Yesterday, for the first time in 10 years, all three of my children went to day camp. Feelings of terror and excitement flooded through me watching them climb the bus one at a time and disappear into the tall rows of forest green leather seats. My youngest is four and I wondered if he would be okay. I reassured myself the camp has a specific group for his age, with trained counselors. He will be fine. Then I went home and looked at the clock. It was only 9:00 a.m. and I would not return to the bus stop until 4:00 p.m. to pick them up. I had seven whole hours in front of me to fill.

I swear I heard birds chirping outside my window, I saw the sun shining (even though admittedly the clouds were a bit heavy that morning). I couldn’t wait to dig into my options: the jobs, projects, ideas, cleaning, organizing, shopping, writing, reading, napping, everything I had compiled on my “To-Do List” for the last ten years since my first child came into the world. Nothing has been done since that day. And now, it was time.

But where to start? The list is so long! I had not a second to waste and yet all I wanted to do was turn on my favorite show and sit with my coffee, not moving a muscle. I looked around at the few little piles of toys and clothes and dirty dishes, small enough not to feel messy, but enough in the corners to make our home feel cluttered. They have been sitting there in different shapes and ways but present somewhere for the last ten years.

Did it happen? I wondered to myself. Did the days of babies and diapers, sippy cups and tantrums, mama pick me up’s, naps and refusing to nap days finally pass me by? They said it would happen, people out in public, random strangers, older relatives, they all said it. At the grocery store with one kid on my leg, one screaming in the cart, while the third chants in a British accent, “We’re panicking! We’re panicking!” a well-intentioned stranger seeing the actual panic in my eyes as I darted through aisles grabbing random boxes off the shelves would cheerily say, always, “These days will go by fast!” I hated them saying it because I didn’t care. The days were long and hard. Parenting small children is like living in a fog of overwhelming joy, excruciating fear, and overall survival (yours and theirs). Yet, as they grow, the fog lifts little by little until one day you send them off for the whole day and you realize you can see again. The days did not go by fast, but they did, apparently, go by.

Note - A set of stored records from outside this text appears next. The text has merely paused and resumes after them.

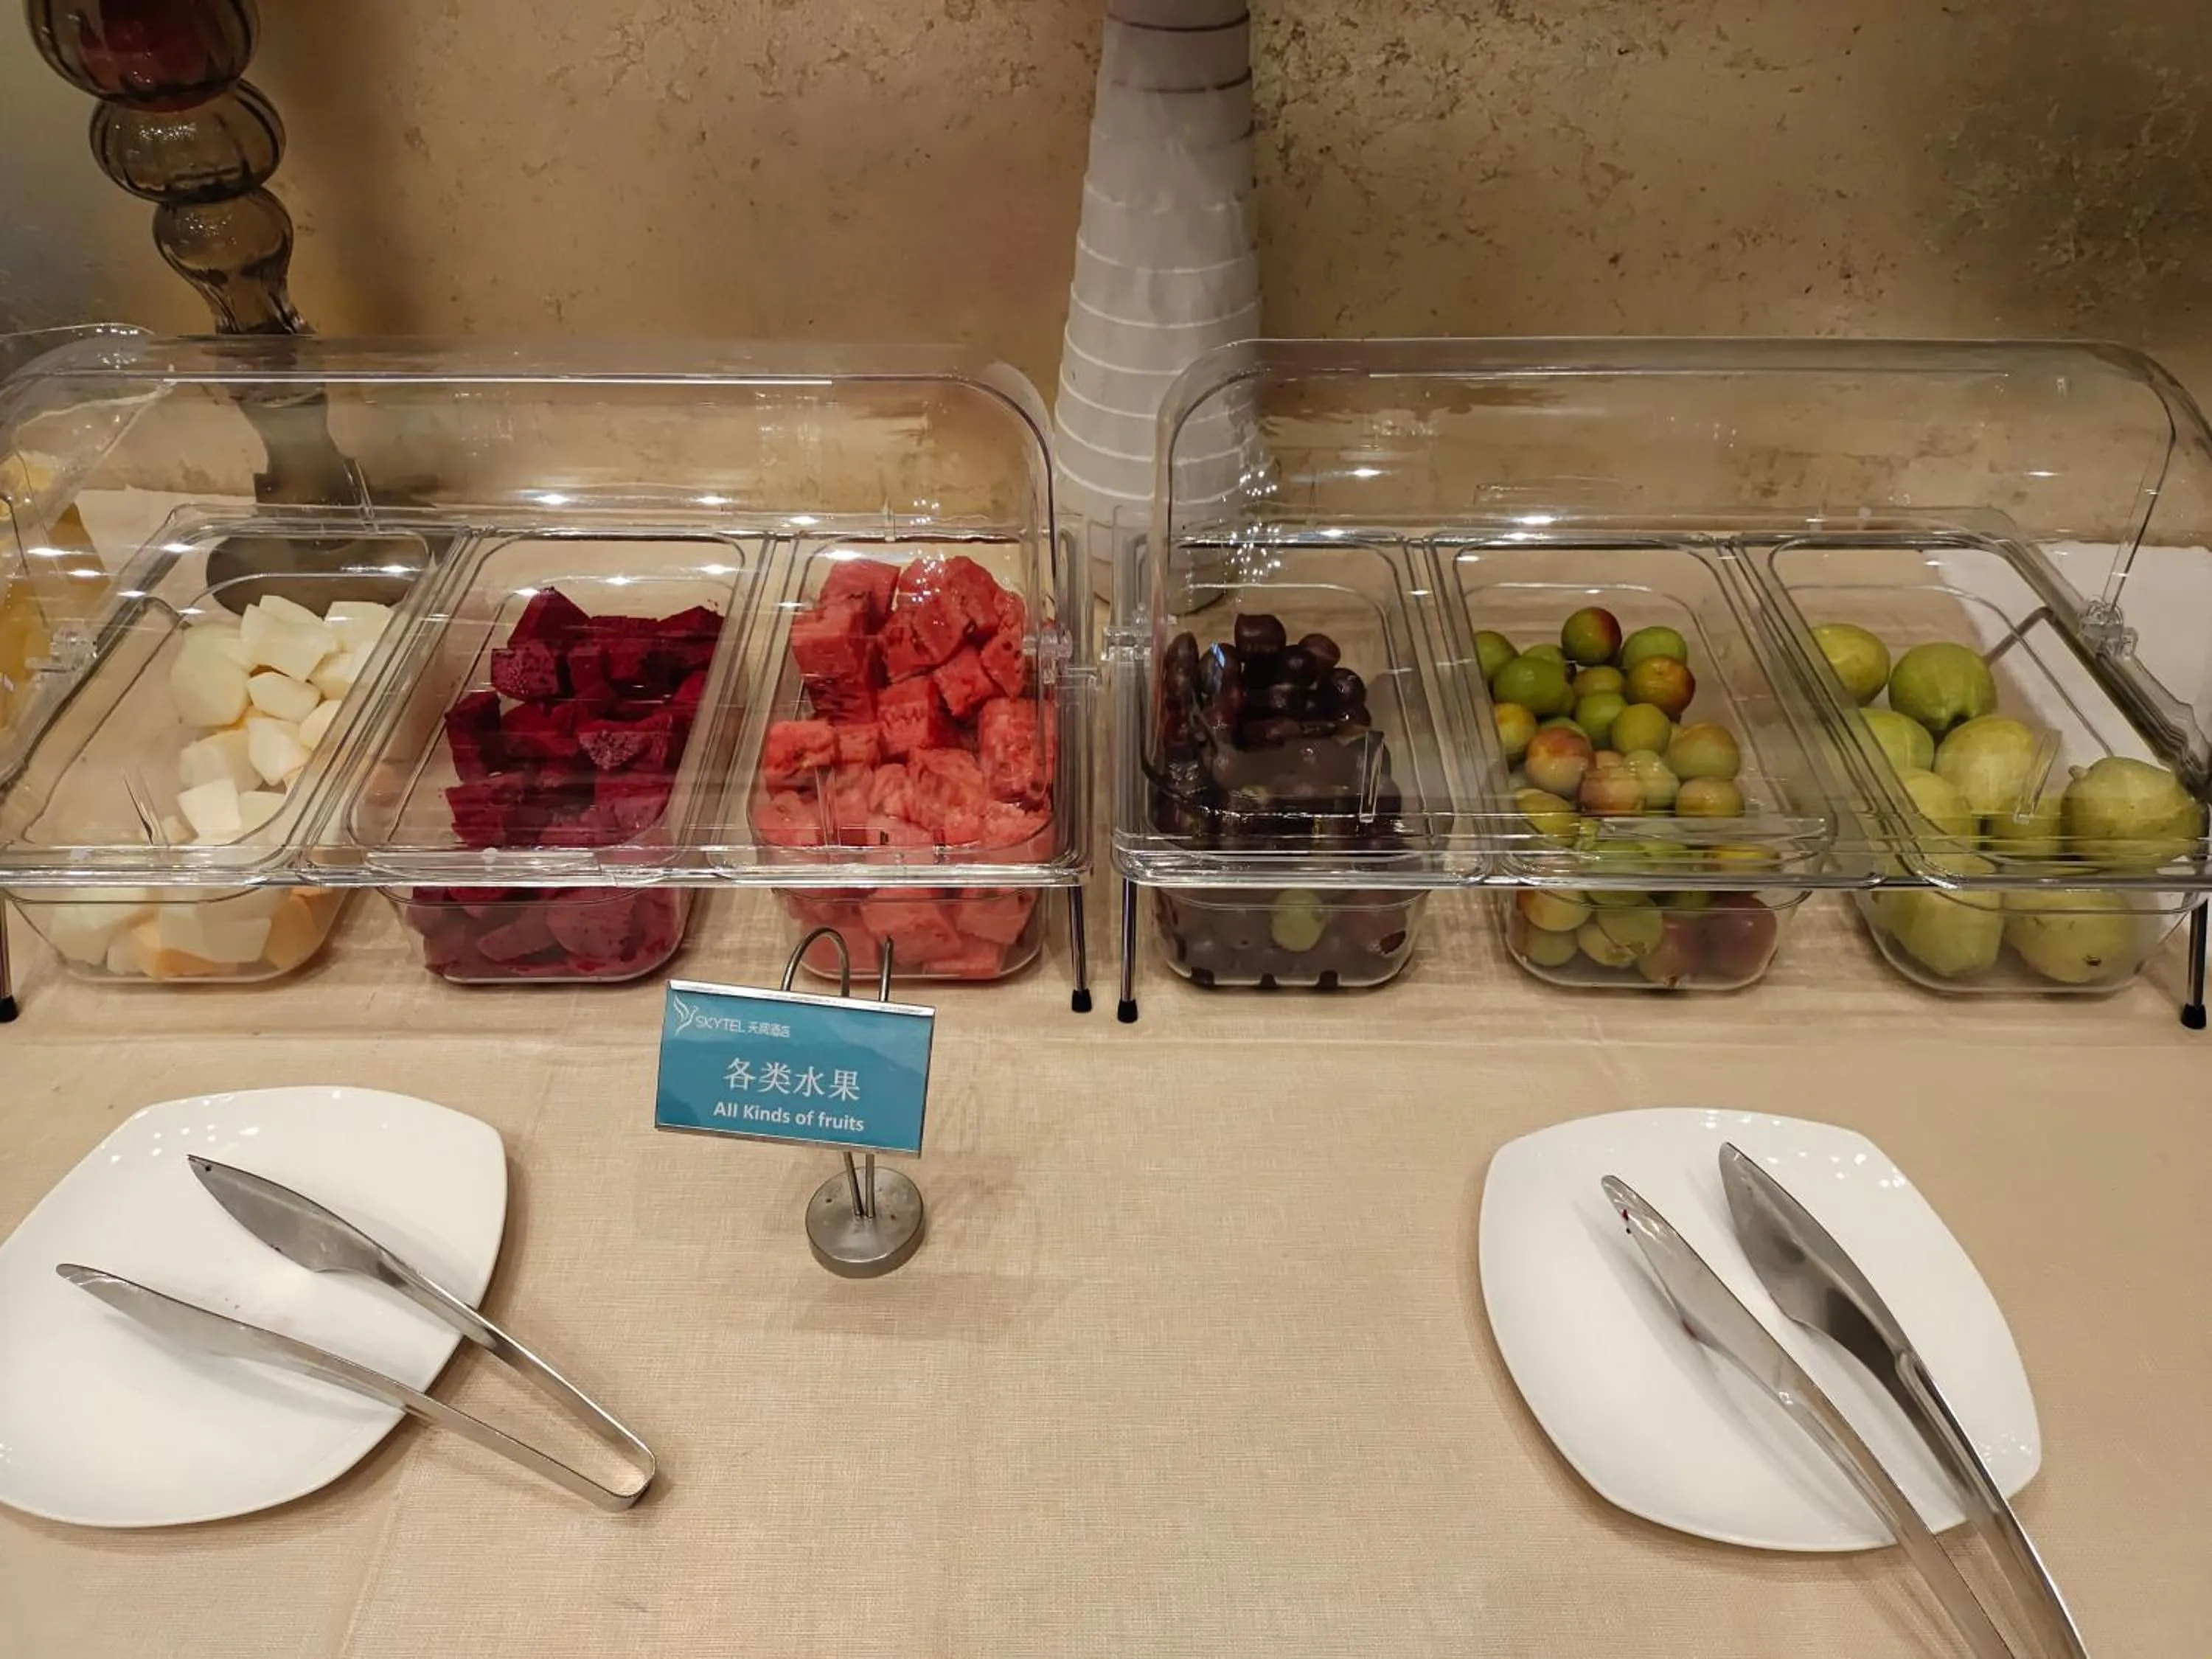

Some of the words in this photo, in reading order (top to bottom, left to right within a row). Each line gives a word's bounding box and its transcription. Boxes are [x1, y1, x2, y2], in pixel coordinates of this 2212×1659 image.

[695, 1016, 745, 1033] SKYTEL
[724, 1057, 860, 1102] 各类水果
[714, 1102, 737, 1119] All
[743, 1105, 790, 1124] Kinds
[796, 1112, 815, 1127] of
[818, 1114, 864, 1132] fruits

Now, here I am sitting by myself at my kitchen table in silence savoring a dreamy cup of coffee. I can see clearly for a few hours. Just as it was at the camp bus stop, it feels exciting and terrifying at the same time. It is a new era, having big kids. They have been little for so long, it’s all I’ve known, the thick time-consuming hands-on seconds of every day. They are dwindling, and while I will miss them, I honestly cannot wait for the next phase. The one where they keep getting on the school bus every day and I am left for a few beautiful hours to do the things I have set aside for the last ten years. I will never get those little years back. And while they have been messy and wholly disorganized, I know they have been beautifully lived with giggles and smiles and play days. They have been relaxed and lazy and adventurous. Creative, intuitive, and open to the world around them, my kids have hopefully learned among the piles and dust that life isn’t about being perfect. It is about spending time, not orchestrating time. Making things up on the fly, not scheduling days down to the minute. Life is about living in the moment, not worrying about how it looks to everyone else.

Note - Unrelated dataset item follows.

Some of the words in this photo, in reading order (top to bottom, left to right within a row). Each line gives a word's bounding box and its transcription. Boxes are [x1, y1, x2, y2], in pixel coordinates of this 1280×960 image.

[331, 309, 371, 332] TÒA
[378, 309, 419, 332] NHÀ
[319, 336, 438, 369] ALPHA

The camp is only one week. They will still come home at the end of each day and need me. I will be refreshed and ready. The next ten years will still be about raising these little rebels into responsible capable people, they are not on their own just yet. But for this week, I am happy to soak up the precious hours of quiet, and I might try to clean at least a little bit in between my coffee breaks. Truthfully, as much as I am reveling in the calm of their absence, I can’t wait for them to pile off the bus again and tell me everything they did while they were gone.